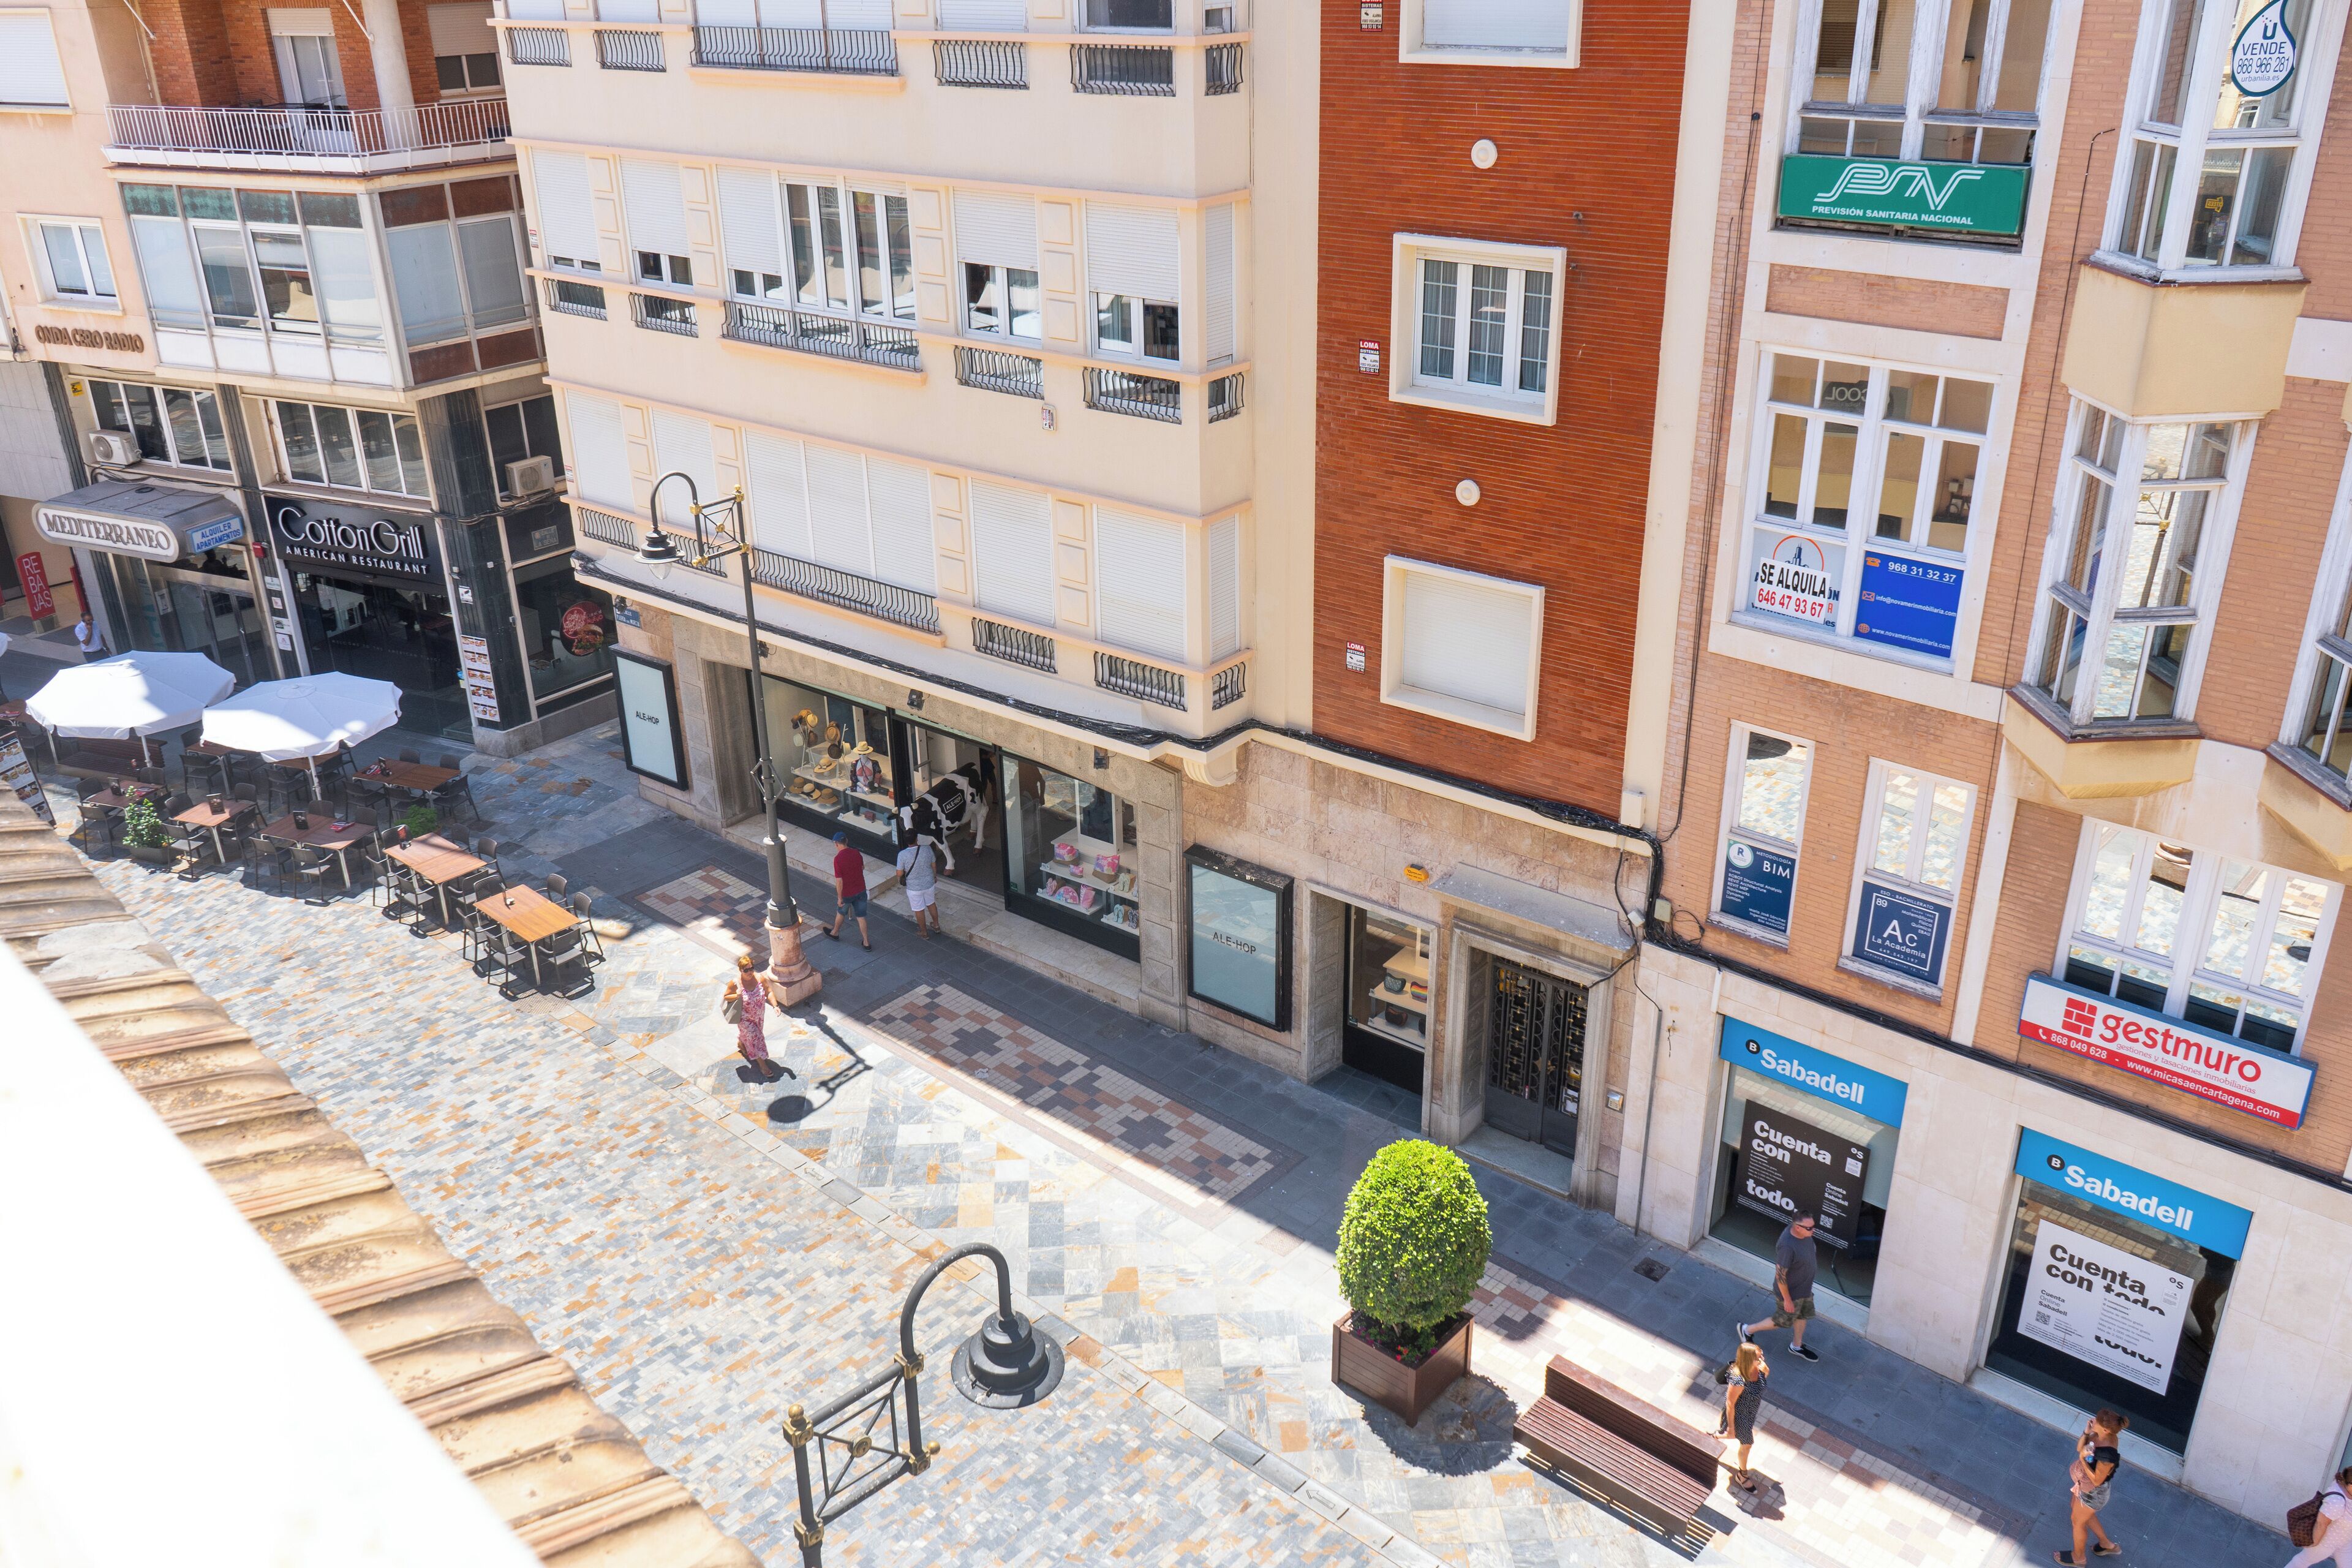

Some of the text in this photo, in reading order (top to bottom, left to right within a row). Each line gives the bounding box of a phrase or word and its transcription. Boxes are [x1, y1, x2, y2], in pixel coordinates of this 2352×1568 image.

[2242, 42, 2287, 55] VENDE
[2237, 56, 2290, 75] 868 966 281
[1812, 205, 1973, 225] PREVISIÓN SANITARIA NACIONAL
[35, 325, 145, 353] ONDA CERO RADIO
[43, 513, 171, 550] MEDITERRANEO
[196, 529, 241, 551] APARTAMENTOS
[201, 522, 232, 539] ALQUILER
[22, 556, 40, 576] RE
[286, 545, 428, 575] AMERICAN RESTAURANT
[1760, 562, 1775, 586] SE
[1776, 567, 1826, 598] ALQUILA
[1888, 562, 1956, 582] 968 31 32 37
[28, 575, 45, 594] BA
[34, 590, 53, 611] JAS
[1758, 588, 1776, 606] 646
[1779, 594, 1792, 610] 47
[1795, 598, 1807, 614] 93
[1811, 601, 1824, 618] 67
[1875, 594, 1956, 617] info@novamerinmobiliaria.com
[1348, 642, 1365, 652] LOMA
[1872, 628, 1950, 650] www.novamerinmobiliaria.com
[636, 710, 659, 725] ALE-HOP
[946, 797, 962, 810] ALE-HOP
[1737, 847, 1744, 858] R
[1757, 851, 1792, 865] METODOLOGÍA
[1763, 860, 1790, 878] BIM
[1726, 891, 1744, 899] Dynamo
[1727, 886, 1750, 897] Navisworks
[1741, 881, 1766, 893] Architecture
[1765, 884, 1782, 894] Analysis
[1726, 894, 1741, 903] Lumion
[1875, 898, 1888, 908] 89
[1896, 894, 1934, 910] BACHILLERATO
[1765, 921, 1785, 930] MANAGER
[1901, 910, 1933, 923] Matemáticas
[1883, 919, 1918, 947] Ac
[1911, 922, 1932, 932] Química
[1213, 932, 1256, 954] ALE-HOP
[1872, 935, 1926, 959] La Academia
[1879, 948, 1918, 963] 649.543.197
[2098, 1014, 2261, 1082] gestmuro
[1749, 1042, 1864, 1105] B Sabadell
[2051, 1033, 2068, 1046] 868
[2070, 1040, 2087, 1052] 049
[2090, 1046, 2107, 1058] 628
[2127, 1060, 2280, 1118] www.micasaencartagena.com
[2116, 1042, 2152, 1060] gestiones
[2161, 1057, 2201, 1076] tasaciones
[2204, 1069, 2256, 1095] inmobiliarias
[1752, 1138, 1791, 1164] con
[1754, 1120, 1831, 1165] Cuenta
[1825, 1187, 1842, 1198] Online
[1826, 1182, 1846, 1194] Cuenta
[2051, 1156, 2194, 1231] B Sabadell
[1824, 1192, 1849, 1207] Sabadell
[2046, 1264, 2094, 1292] con
[2049, 1244, 2146, 1295] Cuenta
[2040, 1295, 2061, 1307] Online
[2041, 1289, 2065, 1303] Cuenta
[2038, 1300, 2068, 1317] Sabadell
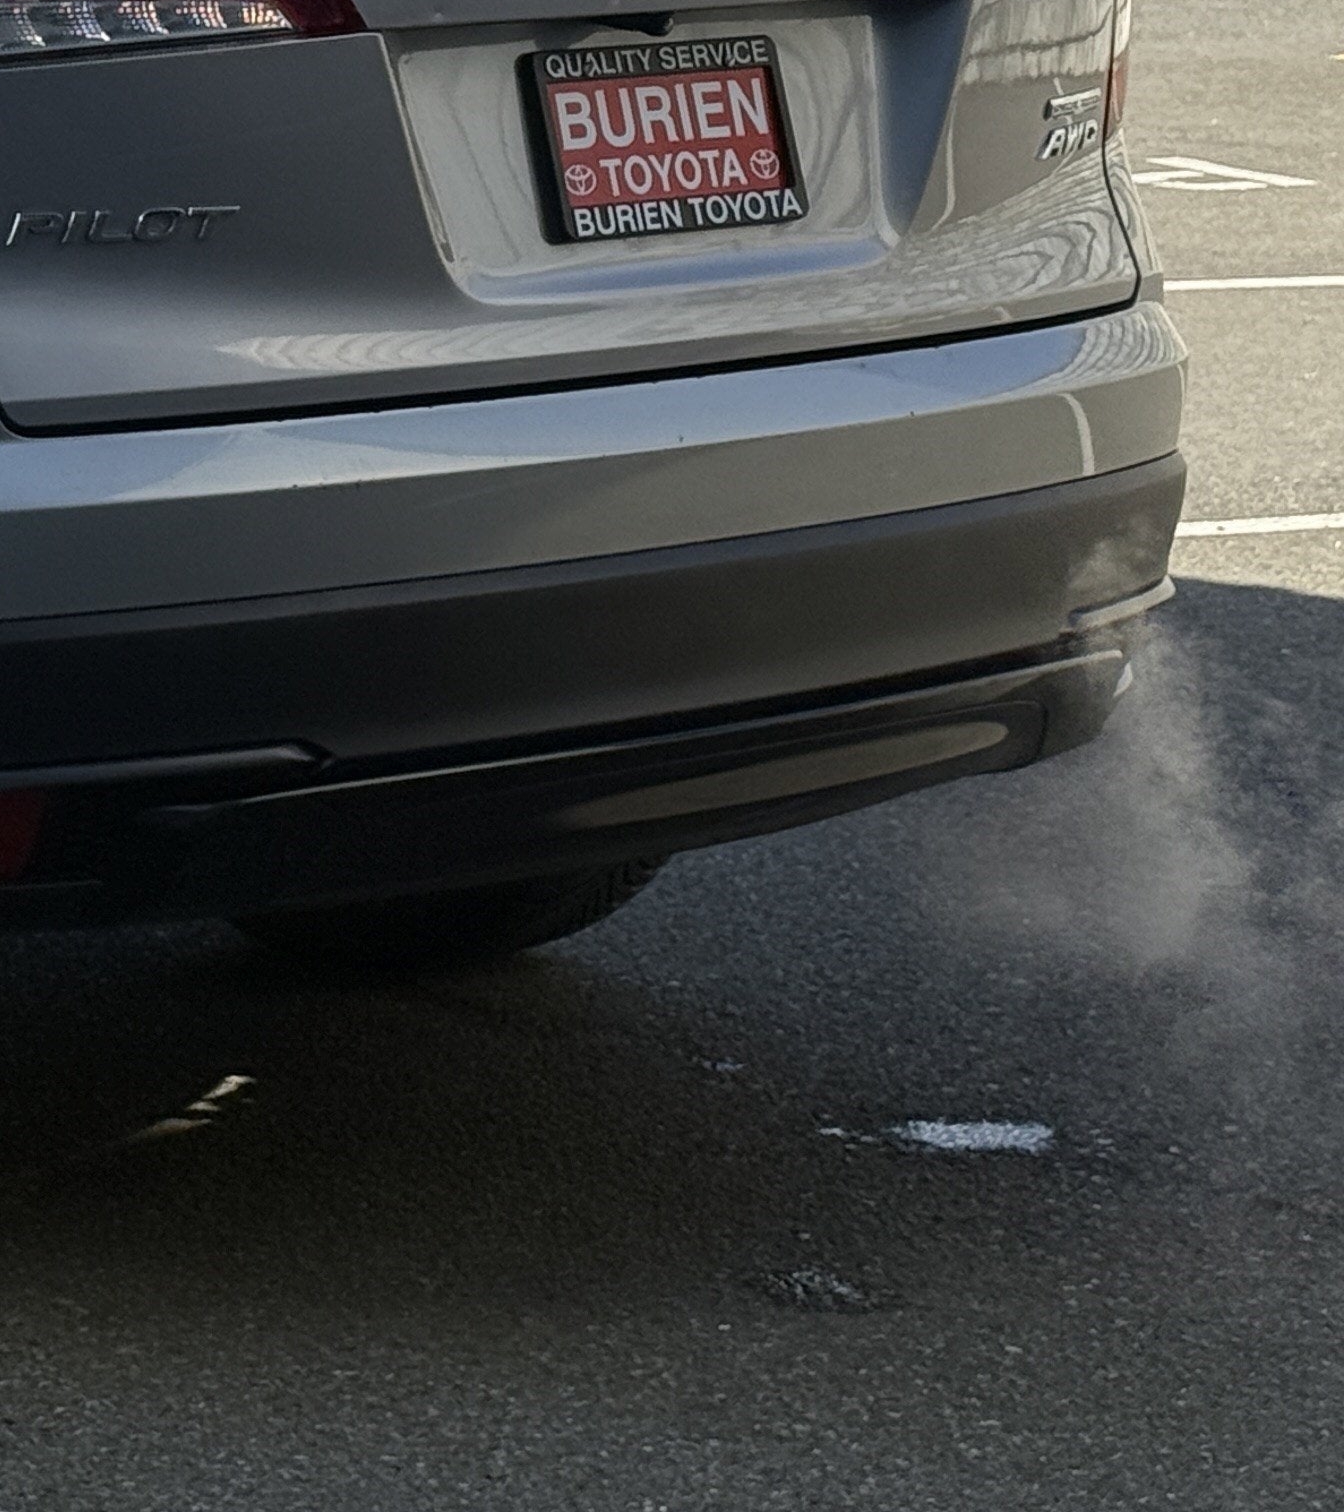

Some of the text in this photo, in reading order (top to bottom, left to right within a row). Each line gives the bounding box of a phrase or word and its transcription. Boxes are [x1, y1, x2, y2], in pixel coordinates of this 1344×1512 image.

[545, 39, 769, 79] QUALITY SERVICE
[554, 77, 770, 152] BURIEN
[1037, 119, 1099, 160] AWD
[599, 148, 749, 198] TOYOTA
[6, 205, 241, 247] PILOT
[573, 188, 803, 238] BURIEN TOYOTA
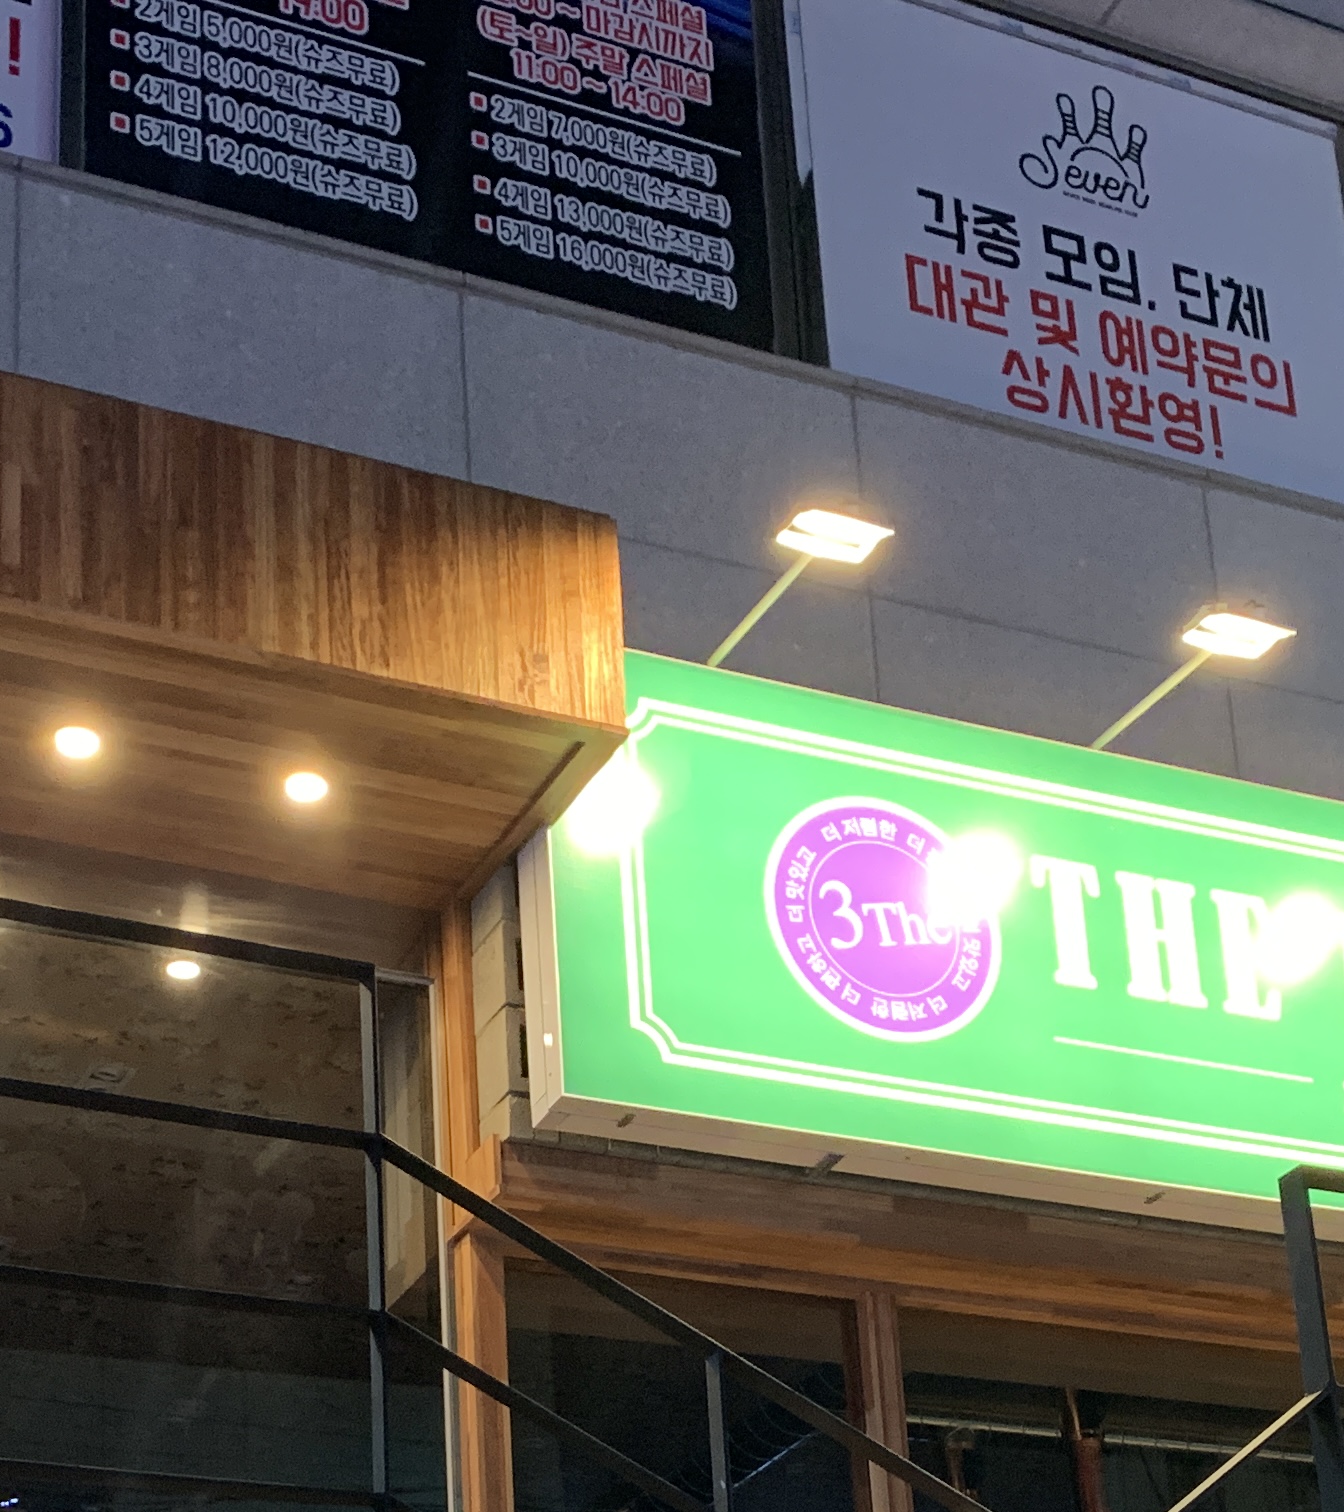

....................

**DESCRIPTION OF THE TASK:** Copy the listing above verbatim; the pictures it contains are to stay out.

**OUTPUT OF THE EXERCISE:**
Some of the text in this photo, in reading order (top to bottom, left to right within a row). Each line gives the bounding box of a phrase or word and its transcription. Boxes are [x1, y1, x2, y2], in pixel coordinates of this 2352×1568 image.

[2242, 42, 2287, 55] VENDE
[2237, 56, 2290, 75] 868 966 281
[1812, 205, 1973, 225] PREVISIÓN SANITARIA NACIONAL
[35, 325, 145, 353] ONDA CERO RADIO
[43, 513, 171, 550] MEDITERRANEO
[196, 529, 241, 551] APARTAMENTOS
[201, 522, 232, 539] ALQUILER
[22, 556, 40, 576] RE
[286, 545, 428, 575] AMERICAN RESTAURANT
[1760, 562, 1775, 586] SE
[1776, 567, 1826, 598] ALQUILA
[1888, 562, 1956, 582] 968 31 32 37
[28, 575, 45, 594] BA
[34, 590, 53, 611] JAS
[1758, 588, 1776, 606] 646
[1779, 594, 1792, 610] 47
[1795, 598, 1807, 614] 93
[1811, 601, 1824, 618] 67
[1875, 594, 1956, 617] info@novamerinmobiliaria.com
[1348, 642, 1365, 652] LOMA
[1872, 628, 1950, 650] www.novamerinmobiliaria.com
[636, 710, 659, 725] ALE-HOP
[946, 797, 962, 810] ALE-HOP
[1737, 847, 1744, 858] R
[1757, 851, 1792, 865] METODOLOGÍA
[1763, 860, 1790, 878] BIM
[1726, 891, 1744, 899] Dynamo
[1727, 886, 1750, 897] Navisworks
[1741, 881, 1766, 893] Architecture
[1765, 884, 1782, 894] Analysis
[1726, 894, 1741, 903] Lumion
[1875, 898, 1888, 908] 89
[1896, 894, 1934, 910] BACHILLERATO
[1765, 921, 1785, 930] MANAGER
[1901, 910, 1933, 923] Matemáticas
[1883, 919, 1918, 947] Ac
[1911, 922, 1932, 932] Química
[1213, 932, 1256, 954] ALE-HOP
[1872, 935, 1926, 959] La Academia
[1879, 948, 1918, 963] 649.543.197
[2098, 1014, 2261, 1082] gestmuro
[1749, 1042, 1864, 1105] B Sabadell
[2051, 1033, 2068, 1046] 868
[2070, 1040, 2087, 1052] 049
[2090, 1046, 2107, 1058] 628
[2127, 1060, 2280, 1118] www.micasaencartagena.com
[2116, 1042, 2152, 1060] gestiones
[2161, 1057, 2201, 1076] tasaciones
[2204, 1069, 2256, 1095] inmobiliarias
[1752, 1138, 1791, 1164] con
[1754, 1120, 1831, 1165] Cuenta
[1825, 1187, 1842, 1198] Online
[1826, 1182, 1846, 1194] Cuenta
[2051, 1156, 2194, 1231] B Sabadell
[1824, 1192, 1849, 1207] Sabadell
[2046, 1264, 2094, 1292] con
[2049, 1244, 2146, 1295] Cuenta
[2040, 1295, 2061, 1307] Online
[2041, 1289, 2065, 1303] Cuenta
[2038, 1300, 2068, 1317] Sabadell

Some of the text in this photo, in reading order (top to bottom, left to right within a row). Each line gives the bounding box of a phrase or word and its transcription. Boxes are [x1, y1, x2, y2], in pixel coordinates of this 1344×1512 image.

[545, 39, 769, 79] QUALITY SERVICE
[554, 77, 770, 152] BURIEN
[1037, 119, 1099, 160] AWD
[599, 148, 749, 198] TOYOTA
[6, 205, 241, 247] PILOT
[573, 188, 803, 238] BURIEN TOYOTA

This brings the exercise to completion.